Single GPU (bitsandbytes)	INT4	1–1.5 GB	Edge/smaller GPUs (e.g., 4–6 GB cards)	Largest memory savings; minor accuracy loss; `load_in_4bit=True`.
vLLM (FP16/BF16)	FP16/BF16	5–6 GB	High-throughput routing API	Extra VRAM for paged-KV & scheduler; shines with concurrency.
Multi-GPU	FP16	N/A	Not needed	Model is small; keep it on one GPU for simplicity.

Tips

For most servers, FP16 on a 6–8 GB GPU is the sweet spot (headroom for longer ctx or concurrency).
If you’re packaging in an agent gateway, consider vLLM to batch many tiny routing calls.
Quantized (int8/int4) loads are ideal for 4 GB GPUs or CPU–GPU mixed environments; verify outputs on your route set.

Resources

Link: https://huggingface.co/katanemo/Arch-Router-1.5B

Step-by-Step Process to Install & Run Katanemo Arch-Router-1.5B Locally

For the purpose of this tutorial, we will use a GPU-powered Virtual Machine offered by NodeShift; however, you can replicate the same steps with any other cloud provider of your choice. NodeShift provides the most affordable Virtual Machines at a scale that meets GDPR, SOC2, and ISO27001 requirements.

Step 1: Sign Up and Set Up a NodeShift Cloud Account

Visit the NodeShift Platform and create an account. Once you’ve signed up, log into your account.

Follow the account setup process and provide the necessary details and information.

Step 2: Create a GPU Node (Virtual Machine)

GPU Nodes are NodeShift’s GPU Virtual Machines, on-demand resources equipped with diverse GPUs ranging from H200s to A100s. These GPU-powered VMs provide enhanced environmental control, allowing configuration adjustments for GPUs, CPUs, RAM, and Storage based on specific requirements.

Navigate to the menu on the left side. Select the GPU Nodes option, create a GPU Node in the Dashboard, click the Create GPU Node button, and create your first Virtual Machine deploy

Step 3: Select a Model, Region, and Storage

In the “GPU Nodes” tab, select a GPU Model and Storage according to your needs and the geographical region where you want to launch your model.

We will use 1 x RTX A6000 GPU for this tutorial to achieve the fastest performance. However, you can choose a more affordable GPU with less VRAM if that better suits your requirements.

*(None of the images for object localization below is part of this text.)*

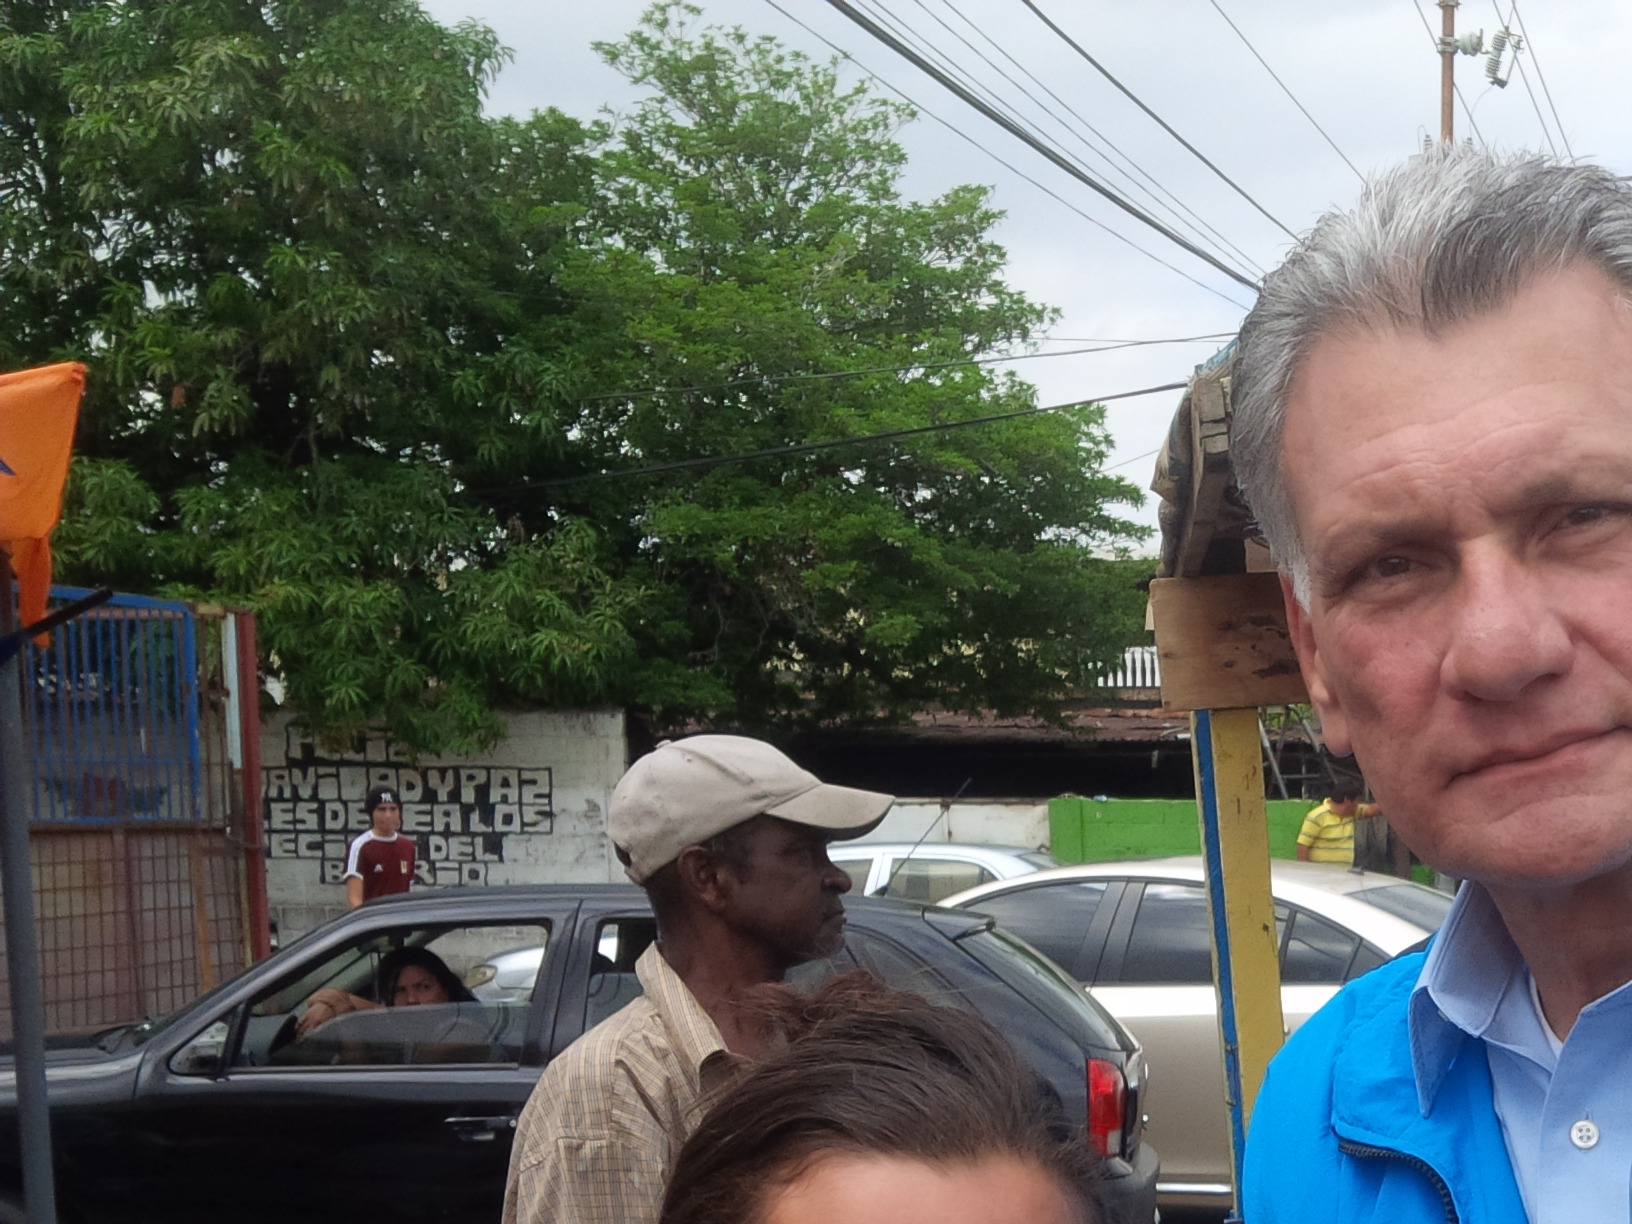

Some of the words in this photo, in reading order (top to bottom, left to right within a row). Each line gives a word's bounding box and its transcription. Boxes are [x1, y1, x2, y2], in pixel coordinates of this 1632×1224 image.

[458, 768, 552, 804] PAZ
[264, 802, 321, 832] ES
[324, 802, 462, 833] DEEA
[468, 802, 553, 834] LOS
[428, 834, 501, 861] DEL

Step 4: Select Authentication Method

There are two authentication methods available: Password and SSH Key. SSH keys are a more secure option. To create them, please refer to our official documentation.

Step 5: Choose an Image

In our previous blogs, we used pre-built images from the Templates tab when creating a Virtual Machine. However, for running Katanemo Arch-Router-1.5B, we need a more customized environment with full CUDA development capabilities. That’s why, in this case, we switched to the Custom Image tab and selected a specific Docker image that meets all runtime and compatibility requirements.

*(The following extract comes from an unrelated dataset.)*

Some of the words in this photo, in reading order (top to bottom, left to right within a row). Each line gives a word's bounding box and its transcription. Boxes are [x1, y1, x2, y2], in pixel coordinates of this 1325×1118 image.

We chose the following image:

nvidia/cuda:12.1.1-devel-ubuntu22.04

This image is essential because it includes:

Full CUDA toolkit (including nvcc)
Proper support for building and running GPU-based models like Katanemo Arch-Router-1.5B.
Compatibility with CUDA 12.1.1 required by certain model operations

Launch Mode

We selected:

Interactive shell server

This gives us SSH access and full control over terminal operations — perfect for installing dependencies, running benchmarks, and launching models like Katanemo Arch-Router-1.5B.

Docker Repository Authentication

We left all fields empty here.

Since the Docker image is publicly available on Docker Hub, no login credentials are required.

Identification

Template Name:

nvidia/cuda:12.1.1-devel-ubuntu22.04

CUDA and cuDNN images from gitlab.com/nvidia/cuda. Devel version contains full cuda toolkit with nvcc.

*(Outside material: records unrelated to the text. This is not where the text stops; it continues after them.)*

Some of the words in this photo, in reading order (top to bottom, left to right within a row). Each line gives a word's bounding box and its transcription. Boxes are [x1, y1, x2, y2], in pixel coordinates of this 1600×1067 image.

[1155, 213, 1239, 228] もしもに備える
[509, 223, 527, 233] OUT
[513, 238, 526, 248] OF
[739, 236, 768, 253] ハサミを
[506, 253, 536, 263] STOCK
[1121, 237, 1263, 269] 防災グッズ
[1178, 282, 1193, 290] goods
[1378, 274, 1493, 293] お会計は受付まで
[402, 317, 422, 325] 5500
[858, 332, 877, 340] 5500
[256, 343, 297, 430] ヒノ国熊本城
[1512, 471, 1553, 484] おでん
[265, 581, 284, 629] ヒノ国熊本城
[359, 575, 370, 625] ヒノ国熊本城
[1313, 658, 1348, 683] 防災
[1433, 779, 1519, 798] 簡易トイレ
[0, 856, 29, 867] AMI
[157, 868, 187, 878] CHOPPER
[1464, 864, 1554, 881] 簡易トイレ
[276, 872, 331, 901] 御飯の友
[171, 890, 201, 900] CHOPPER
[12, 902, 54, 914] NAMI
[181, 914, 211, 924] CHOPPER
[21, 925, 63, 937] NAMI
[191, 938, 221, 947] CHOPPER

This setup ensures that the Katanemo Arch-Router-1.5B runs in a GPU-enabled environment with proper CUDA access and high compute performance.

After choosing the image, click the ‘Create’ button, and your Virtual Machine will be deployed.

Step 6: Virtual Machine Successfully Deployed

You will get visual confirmation that your node is up and running.

Step 7: Connect to GPUs using SSH

NodeShift GPUs can be connected to and controlled through a terminal using the SSH key provided during GPU creation.

Once your GPU Node deployment is successfully created and has reached the ‘RUNNING’ status, you can navigate to the page of your GPU Deployment Instance. Then, click the ‘Connect’ button in the top right corner.

Now open your terminal and paste the proxy SSH IP or direct SSH IP.

Next, If you want to check the GPU details, run the command below:

nvidia-smi

Step 8: Install Python 3.11 and Pip (VM already has Python 3.10; We Update It)

Run the following commands to check the available Python version.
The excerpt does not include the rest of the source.